[Records excerpted from a collection]
----

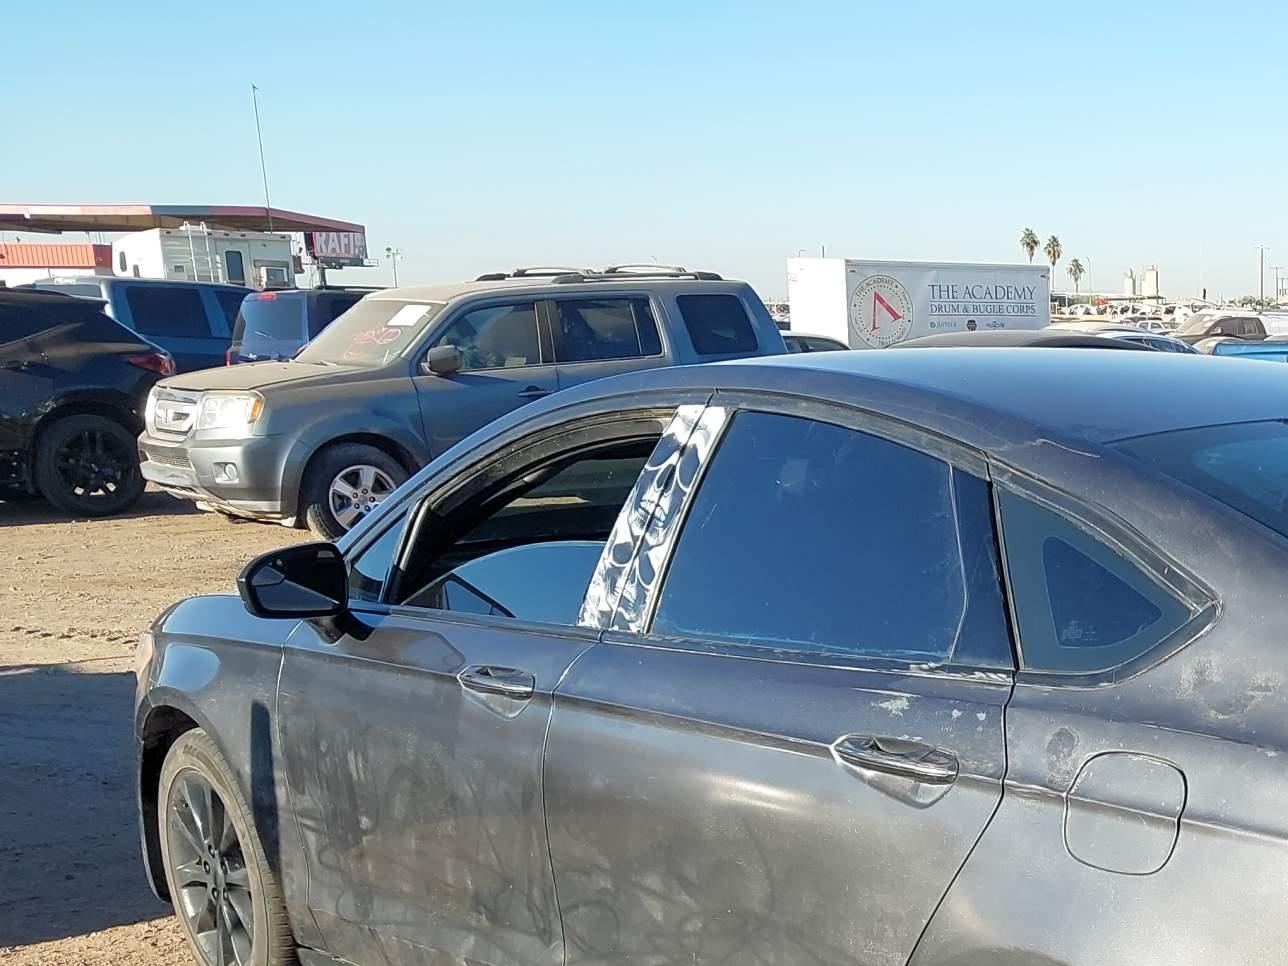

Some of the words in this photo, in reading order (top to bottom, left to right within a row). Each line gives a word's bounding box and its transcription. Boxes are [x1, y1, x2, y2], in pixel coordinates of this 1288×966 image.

[928, 284, 958, 300] THE
[963, 284, 1037, 301] ACADEMY
[930, 303, 959, 314] DRUM
[961, 303, 970, 314] &
[972, 304, 1004, 314] BUGLE
[1006, 304, 1036, 314] CORPS
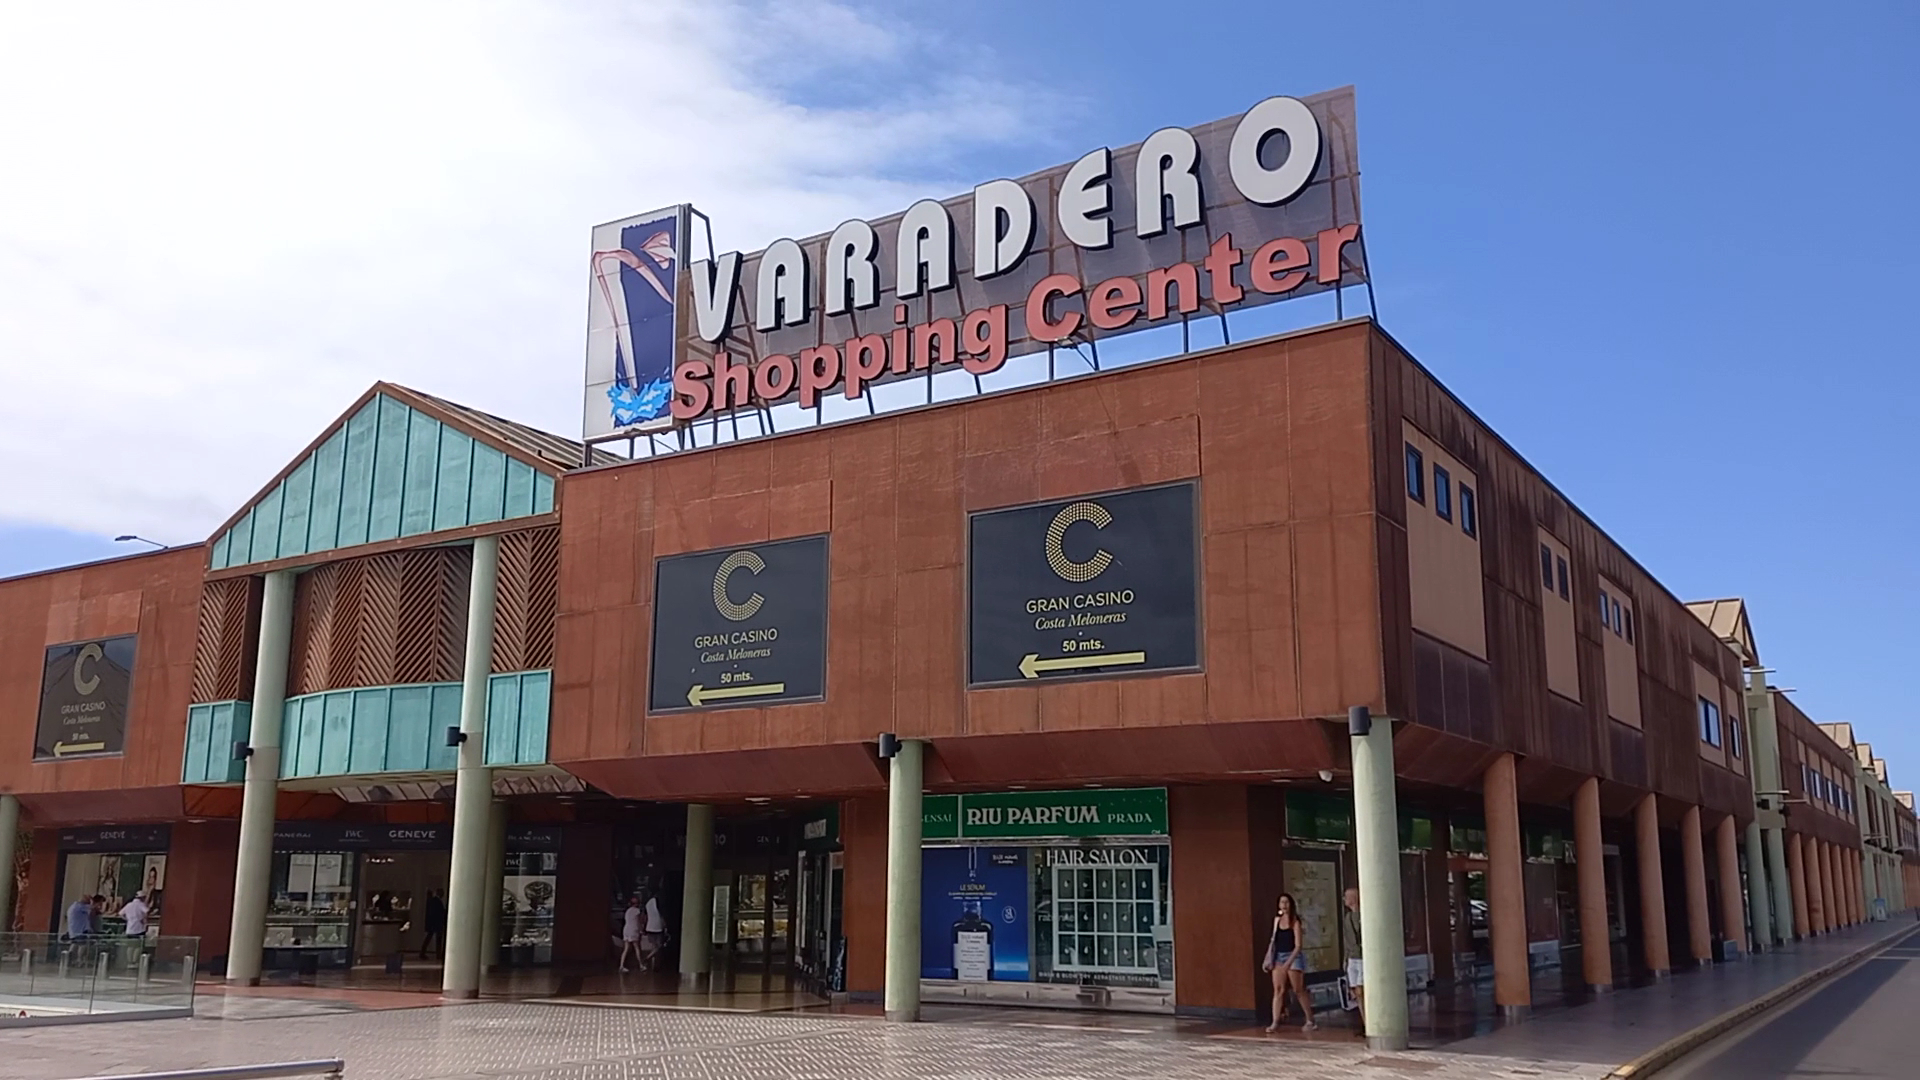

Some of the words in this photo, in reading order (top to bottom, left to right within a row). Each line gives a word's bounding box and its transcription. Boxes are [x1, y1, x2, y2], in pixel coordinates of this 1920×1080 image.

[690, 95, 1322, 344] VARADERO
[669, 303, 1009, 420] Shopping
[1025, 224, 1363, 343] Center
[1026, 596, 1070, 614] GRAN
[1073, 589, 1135, 609] CASINO
[1035, 616, 1066, 631] Costa
[1068, 611, 1128, 628] Meloneras
[694, 634, 729, 649] GRAN
[731, 628, 778, 645] CASINO
[1062, 639, 1077, 652] 50
[1079, 638, 1105, 651] mts.
[701, 651, 725, 664] Costa
[726, 647, 772, 662] Meloneras
[720, 672, 732, 684] 50
[733, 671, 754, 683] mts.
[61, 705, 80, 714] GRAN
[80, 701, 106, 712] CASINO
[921, 813, 952, 824] ENSAI
[966, 807, 1002, 826] RIU
[1007, 805, 1101, 825] PARFUM
[1107, 813, 1153, 824] PRADA
[99, 830, 126, 840] GENEVE
[344, 829, 365, 839] IWC
[388, 829, 437, 839] GENEVE
[1046, 849, 1086, 867] HAIR
[1088, 849, 1149, 867] SALON

----

» **Exercise directions**
Give back, word for word, only the lines from the one containing "this 1920×1080 image." through the closing line of the entries.

» **Reply**
Some of the words in this photo, in reading order (top to bottom, left to right within a row). Each line gives a word's bounding box and its transcription. Boxes are [x1, y1, x2, y2], in pixel coordinates of this 1920×1080 image.

[690, 95, 1322, 344] VARADERO
[669, 303, 1009, 420] Shopping
[1025, 224, 1363, 343] Center
[1026, 596, 1070, 614] GRAN
[1073, 589, 1135, 609] CASINO
[1035, 616, 1066, 631] Costa
[1068, 611, 1128, 628] Meloneras
[694, 634, 729, 649] GRAN
[731, 628, 778, 645] CASINO
[1062, 639, 1077, 652] 50
[1079, 638, 1105, 651] mts.
[701, 651, 725, 664] Costa
[726, 647, 772, 662] Meloneras
[720, 672, 732, 684] 50
[733, 671, 754, 683] mts.
[61, 705, 80, 714] GRAN
[80, 701, 106, 712] CASINO
[921, 813, 952, 824] ENSAI
[966, 807, 1002, 826] RIU
[1007, 805, 1101, 825] PARFUM
[1107, 813, 1153, 824] PRADA
[99, 830, 126, 840] GENEVE
[344, 829, 365, 839] IWC
[388, 829, 437, 839] GENEVE
[1046, 849, 1086, 867] HAIR
[1088, 849, 1149, 867] SALON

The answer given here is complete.